La Cour de cassation précise qu'une cession de droit au bail, intervenue après la cessation de l'activité commerciale, n'est pas soumise à la publicité légale des cessions de fonds de commerce. Retour sur une décision de 1982 toujours d'actualité.

Décision de référence : cc • N° 81-14.422 • 1982-12-06 • Consulter la décision →

Imaginez : vous êtes propriétaire d'un local commercial à Nogent-sur-Seine, loué à un artisan qui répare du petit matériel agricole. Un jour, il vous annonce qu'il cède son droit au bail à un repreneur. Vous vous interrogez : cette opération est-elle une cession de fonds de commerce ou une simple cession de bail ? La réponse change tout, notamment sur les formalités de publicité et les droits des créanciers.

Dans une affaire jugée par la Cour de cassation le 6 décembre 1982 (n° 81-14.422), les magistrats ont tranché : lorsque l'activité commerciale a cessé avant la cession, celle-ci n'est qu'une cession de bail, et non une cession de fonds. Dès lors, l'obligation de publicité prévue par la loi du 17 mars 1909 ne s'applique pas. Une décision qui éclaire un pan méconnu du droit commercial.

Comment les juges en sont-ils arrivés là ? Quelles conséquences pour vous, propriétaire ou locataire ? Décryptage.
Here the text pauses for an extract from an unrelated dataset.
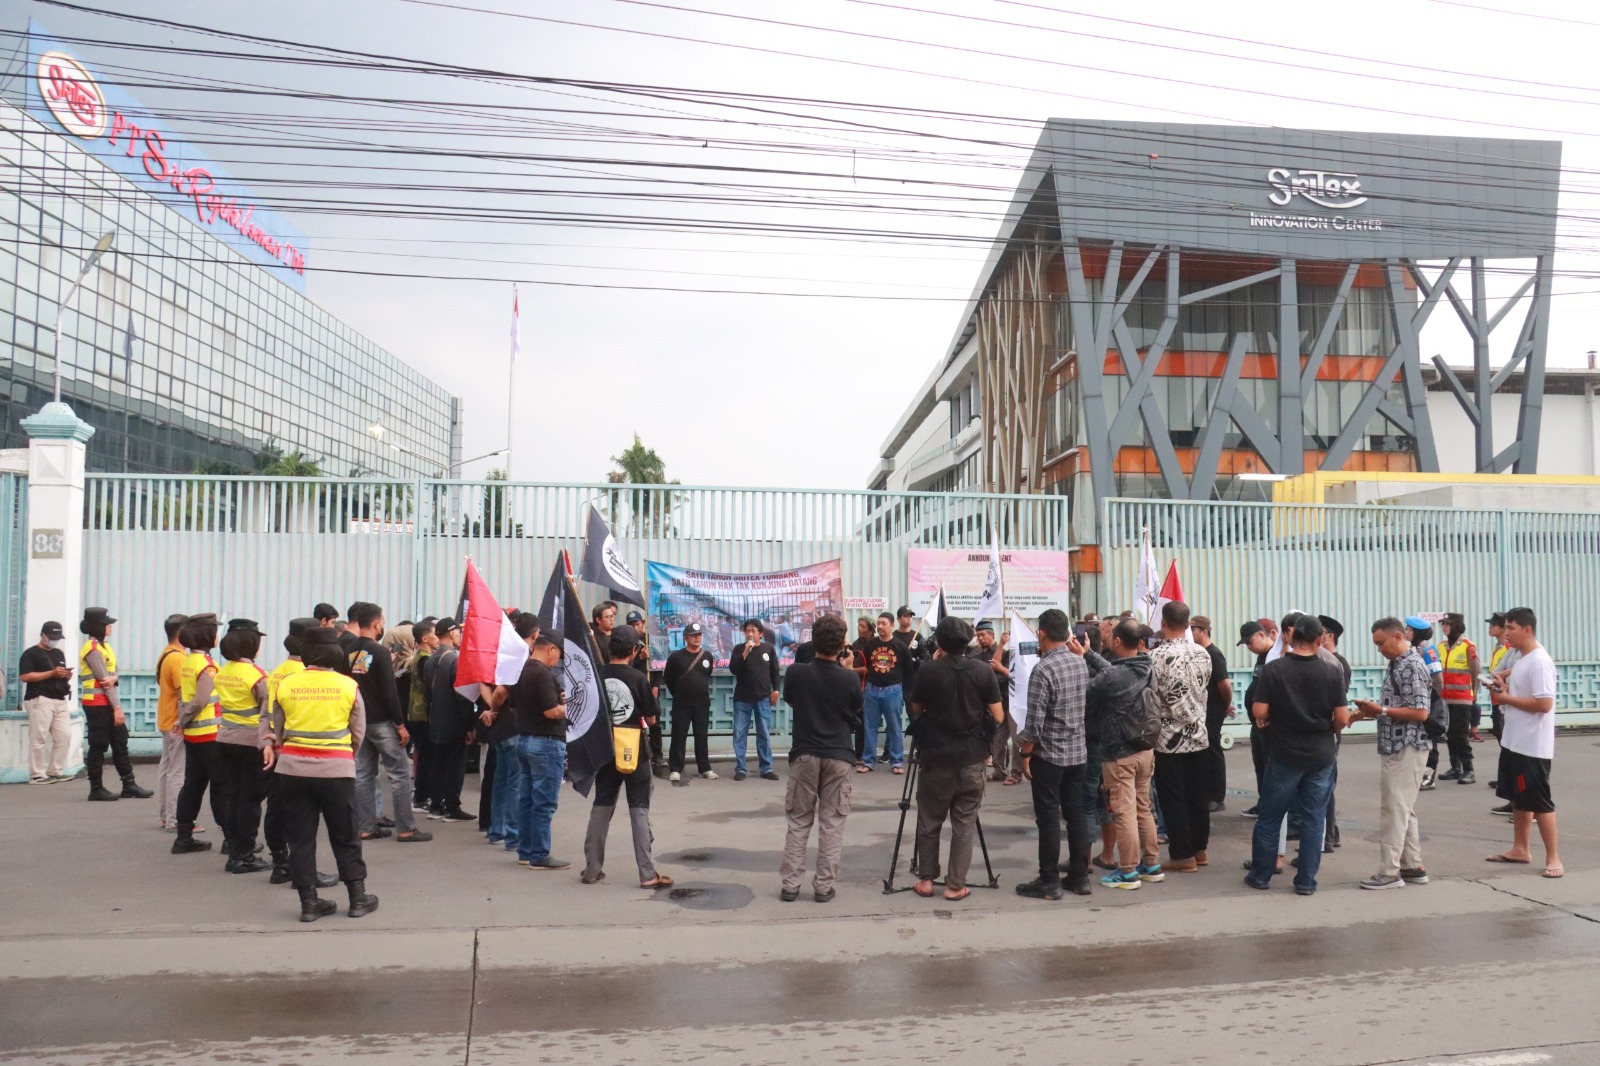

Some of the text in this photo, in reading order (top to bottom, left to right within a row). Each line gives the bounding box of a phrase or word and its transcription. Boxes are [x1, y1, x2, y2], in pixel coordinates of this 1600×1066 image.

Les faits : une histoire comme il en arrive chaque jour

Madame Y... exploitait, dans un local à Nogent-sur-Seine, une activité de réparation de petit matériel agricole et de jardinage. Elle était locataire commerciale. En 1978, le bail arrive à renouvellement. À cette occasion, le propriétaire lui vend un droit d'occupation supplémentaire (le droit DICA) et une « despécialisation » du bail, c'est-à-dire l'autorisation d'exercer une activité différente. Madame Y... se trouve alors dans l'impossibilité de poursuivre son activité commerciale initiale.

Le 3 octobre 1979, elle cède son droit au bail à un certain Carcy, pour un prix déterminé. Mais un tiers, un dénommé X..., fait une surenchère sur ce prix, estimant que la cession est en réalité une cession de fonds de commerce, soumise à la publicité légale. Il réclame l'application de l'article 3 de la loi du 17 mars 1909, qui impose des formalités de publicité pour protéger les créanciers.

La cour d'appel de Reims, dans son arrêt, refuse de valider la surenchère. Elle constate que l'activité commerciale avait pris fin au moment de la cession du bail, et que celle-ci n'était donc qu'une cession de droit au bail, pas une cession de fonds. Carcy, insatisfait, se pourvoit en cassation.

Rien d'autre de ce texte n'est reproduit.